» Given records:
************

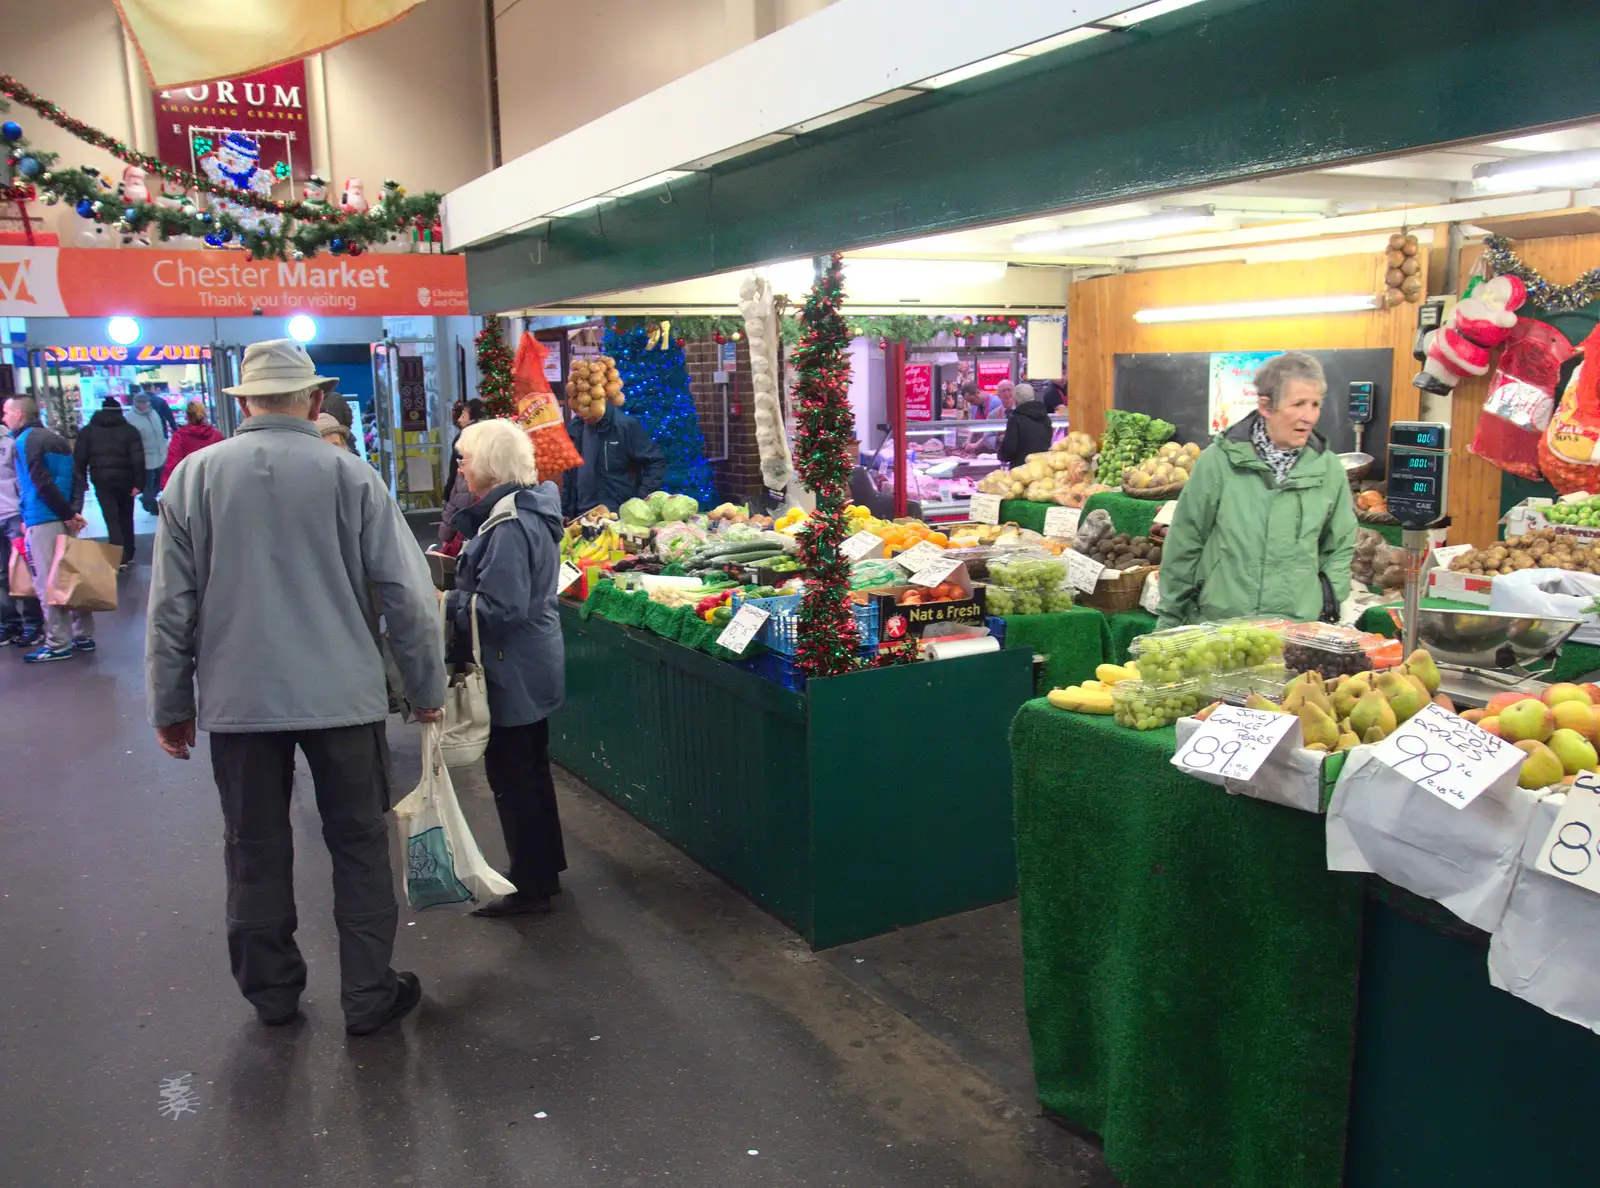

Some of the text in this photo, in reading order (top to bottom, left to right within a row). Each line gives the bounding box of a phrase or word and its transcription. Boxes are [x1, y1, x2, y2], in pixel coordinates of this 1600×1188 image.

[247, 110, 304, 121] CENTRE
[152, 259, 390, 289] Chester Market
[199, 291, 357, 310] Thank you for visiting
[909, 608, 934, 622] Nat
[936, 609, 944, 620] &
[946, 603, 981, 618] Fresh
[1181, 735, 1243, 774] 89
[1390, 734, 1452, 784] 99
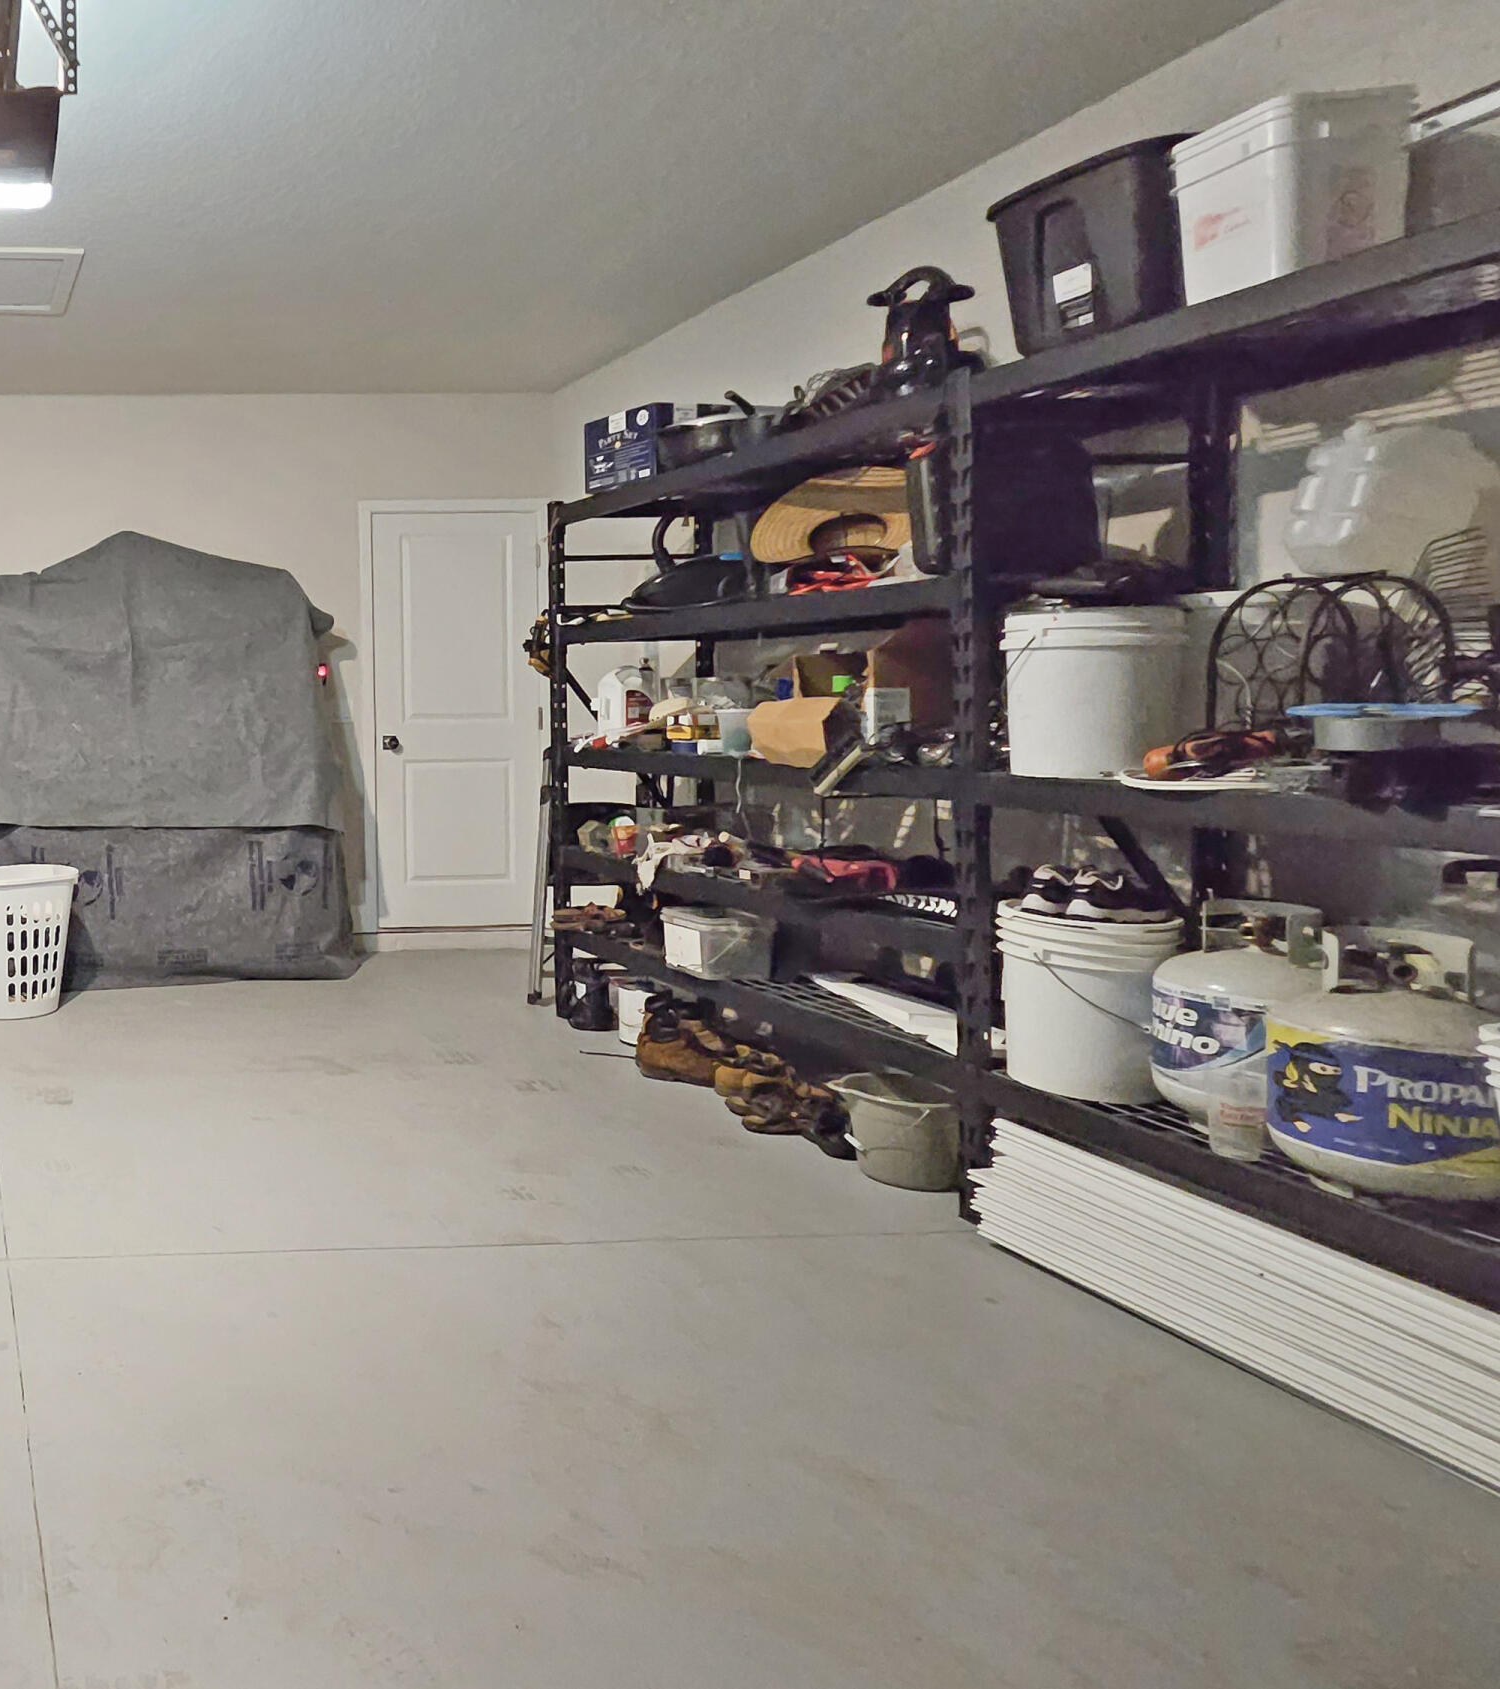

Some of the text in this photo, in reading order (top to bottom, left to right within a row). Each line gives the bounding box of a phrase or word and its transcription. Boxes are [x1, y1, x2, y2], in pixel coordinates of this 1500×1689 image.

[1151, 994, 1199, 1027] lue
[1151, 1016, 1221, 1055] hino
[1388, 1102, 1499, 1139] NINJA

************

Write all the lines above out again exactly, minus the images.

» Exercise response:
Some of the text in this photo, in reading order (top to bottom, left to right within a row). Each line gives the bounding box of a phrase or word and its transcription. Boxes are [x1, y1, x2, y2], in pixel coordinates of this 1600×1188 image.

[247, 110, 304, 121] CENTRE
[152, 259, 390, 289] Chester Market
[199, 291, 357, 310] Thank you for visiting
[909, 608, 934, 622] Nat
[936, 609, 944, 620] &
[946, 603, 981, 618] Fresh
[1181, 735, 1243, 774] 89
[1390, 734, 1452, 784] 99

Some of the text in this photo, in reading order (top to bottom, left to right within a row). Each line gives the bounding box of a phrase or word and its transcription. Boxes are [x1, y1, x2, y2], in pixel coordinates of this 1500×1689 image.

[1151, 994, 1199, 1027] lue
[1151, 1016, 1221, 1055] hino
[1388, 1102, 1499, 1139] NINJA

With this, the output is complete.